When Fiona was pregnant, a scan showed that Adam's legs weren't developing properly. As various things were ruled out, at 24 weeks, Fiona and her husband received the diagnosis of osteogenesis imperfecta. There was no way of diagnosing whether it was type two – the fatal type – or type three. Their doctor knew of a groundbreaking trial happening in Stockholm at the time, and so at 28-weeks, Fiona and her husband flew to Stockholm, and had treatment involving an infusion of stem cells injected via the umbilical cord, the theory being that the cells graft on to the body, strengthen it, give it resilience and reduce the number of fractures. King was the third woman in the world to have this treatment.

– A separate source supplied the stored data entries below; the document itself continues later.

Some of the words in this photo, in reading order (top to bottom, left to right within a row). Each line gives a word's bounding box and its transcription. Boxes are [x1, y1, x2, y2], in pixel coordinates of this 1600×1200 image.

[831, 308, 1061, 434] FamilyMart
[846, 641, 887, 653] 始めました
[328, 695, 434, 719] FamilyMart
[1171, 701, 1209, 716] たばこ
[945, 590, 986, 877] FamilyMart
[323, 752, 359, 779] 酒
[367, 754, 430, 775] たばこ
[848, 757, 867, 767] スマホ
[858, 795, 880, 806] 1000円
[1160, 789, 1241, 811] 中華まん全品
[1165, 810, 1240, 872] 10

He's doing things that nobody ever thought he would do
“Adam is better and healthier and stronger than nature every intended,” King says, “He’s doing things that nobody ever thought he would do. He’s passed all the milestones set out for him. He was able to stand up at 15 months when the target was two years. He was able to stand up and take some steps at about 2¼, when the target had been four to 4½. And he has not sustained any fractures since birth, bar one fracture last March when he fractured his femur on the day of his sister’s birthday.”
Speaking up
King has got used to speaking up and speaking out, saying she is dedicating her time to advocating for her son and other children with disabilities as she recognises the fortunate position that she is in, where she has support from her family, and that other parents caring for children with disabilities are in far more high-maintenance scenarios.
“We’re lucky in that, okay, Adam is severely disabled, but he’s not PEG-fed, he can eat, he’s not on breathing apparatus. He is actually quite healthy outside of his condition, he’s not ill. But so many parents are at home consumed with the care of a loved one, PEG-feeding, bowel-cleaning, monitoring the breathing apparatus, hoisting the child from one place to the next . . . they don’t have the time to come out and speak about it.”

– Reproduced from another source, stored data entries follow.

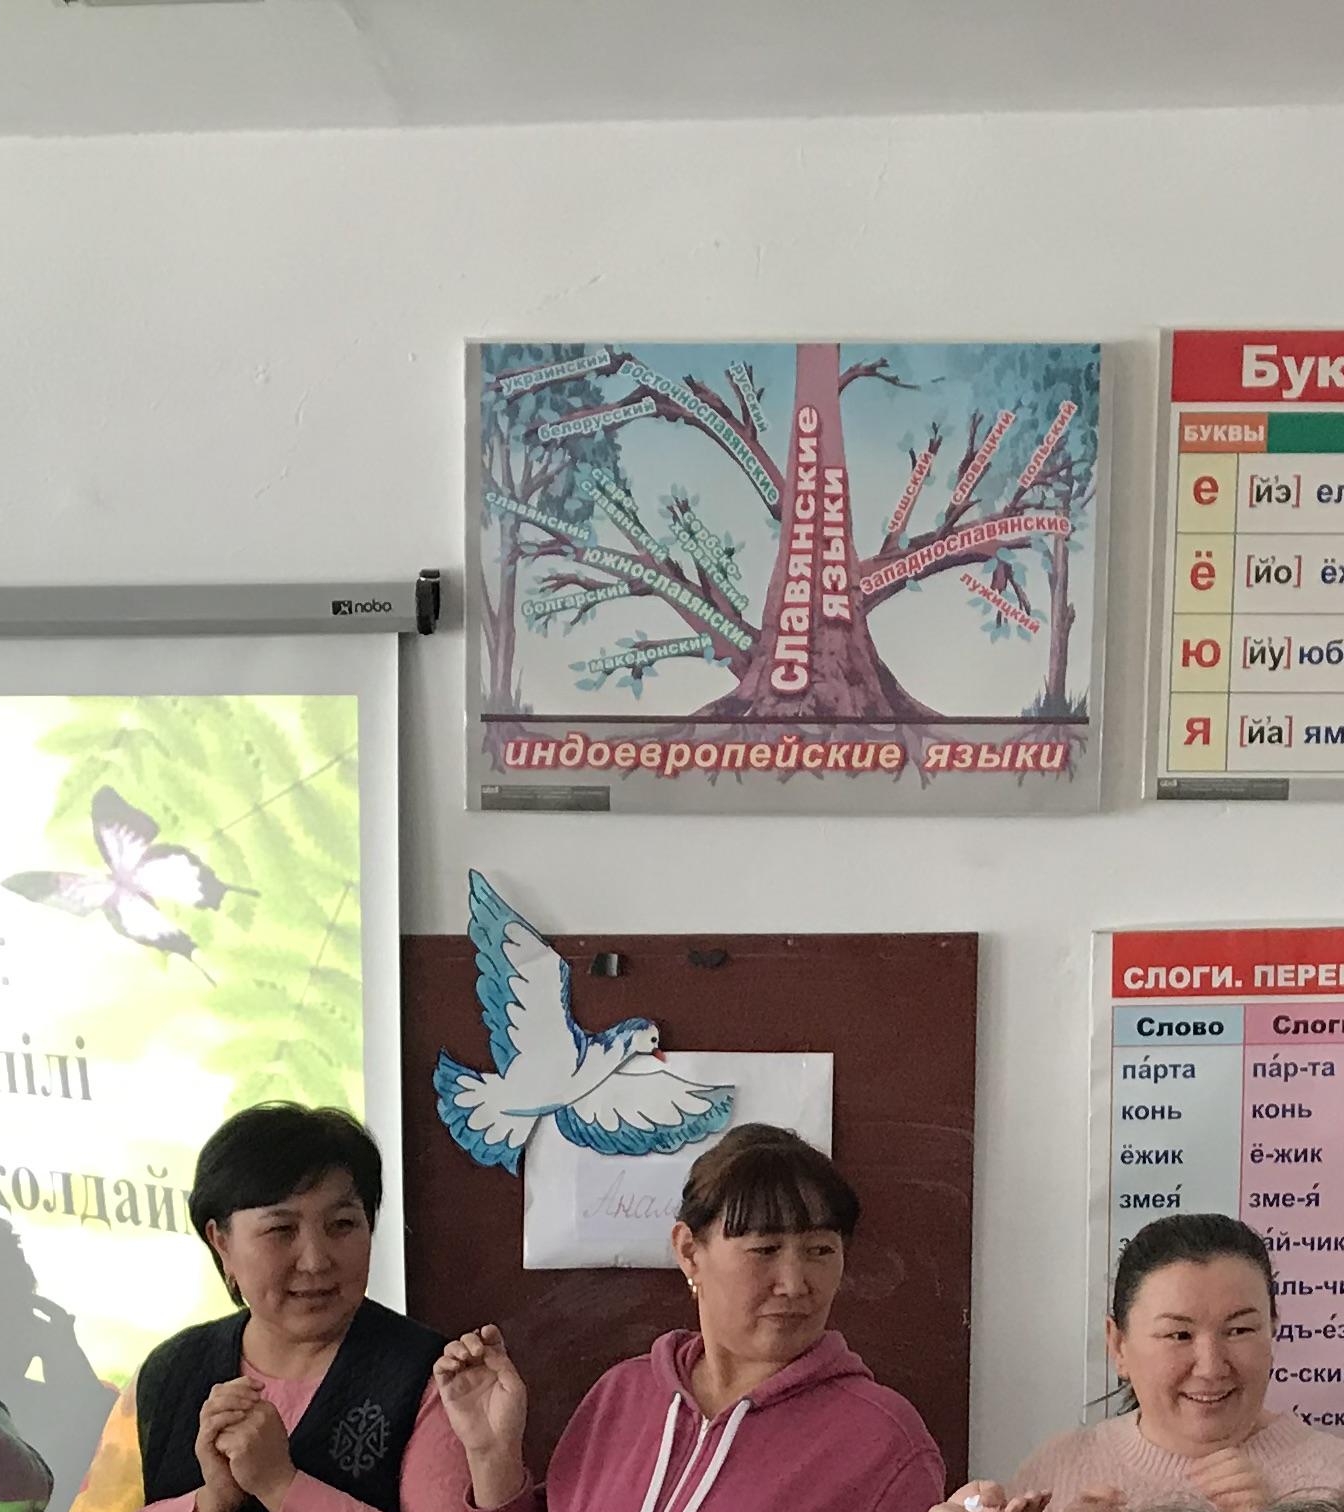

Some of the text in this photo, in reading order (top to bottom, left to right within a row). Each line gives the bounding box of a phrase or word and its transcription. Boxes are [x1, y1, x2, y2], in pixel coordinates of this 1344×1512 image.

[540, 398, 656, 438] белорусский
[621, 361, 779, 504] восточнославянские
[1184, 423, 1265, 443] БУКВЫ
[952, 411, 1016, 503] словацкий
[1020, 401, 1077, 488] польский
[888, 449, 935, 531] чешский
[1193, 475, 1219, 505] е
[771, 406, 818, 692] славянские
[823, 468, 850, 621] языки
[861, 517, 1069, 591] западнославянские
[1190, 551, 1216, 591] ё
[355, 599, 392, 613] nobo
[582, 547, 753, 652] южнославянские
[959, 572, 1041, 635] лужицкий
[589, 632, 712, 674] македонский
[1181, 638, 1221, 668] ю
[1183, 717, 1211, 746] я
[504, 734, 1065, 774] индоевропейские языки
[1123, 965, 1243, 989] СЛОГИ.
[1136, 1017, 1225, 1037] Слово
[1121, 1103, 1182, 1121] конь
[1251, 1102, 1313, 1119] конь
[1120, 1145, 1184, 1166] ёжик
[1250, 1146, 1322, 1164] ё-жик

They fact their son has overcome so much, from in utero – where his bones were fracturing and repairing as he was growing – to receiving groundbreaking treatment, to excelling upon birth, to managing to avoid the frequent fractures that many children with his condition suffer, are all massive achievements. But these achievements are bittersweet when something so simple and vital –a wheelchair – feels out of reach.

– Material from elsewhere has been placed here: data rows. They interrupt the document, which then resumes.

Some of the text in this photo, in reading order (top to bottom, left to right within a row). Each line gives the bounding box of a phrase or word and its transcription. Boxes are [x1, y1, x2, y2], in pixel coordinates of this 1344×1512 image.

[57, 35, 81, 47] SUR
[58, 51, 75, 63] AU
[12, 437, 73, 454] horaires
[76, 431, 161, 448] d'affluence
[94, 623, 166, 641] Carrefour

“Adam will be out in the world of work making a fantastic contribution in some way,” King believes. “But it’s just so disheartening, so hurtful, to see that we’re putting in such a huge effort – your life in consumed by medical appointments, hospital admissions, physiotherapy at the clinic, daily physiotherapy at home, everything that you do you’re putting in every single effort that you can to make your child better – and vital things that the Government should be providing as their responsibility to look after these children in this way, they’re not doing it.”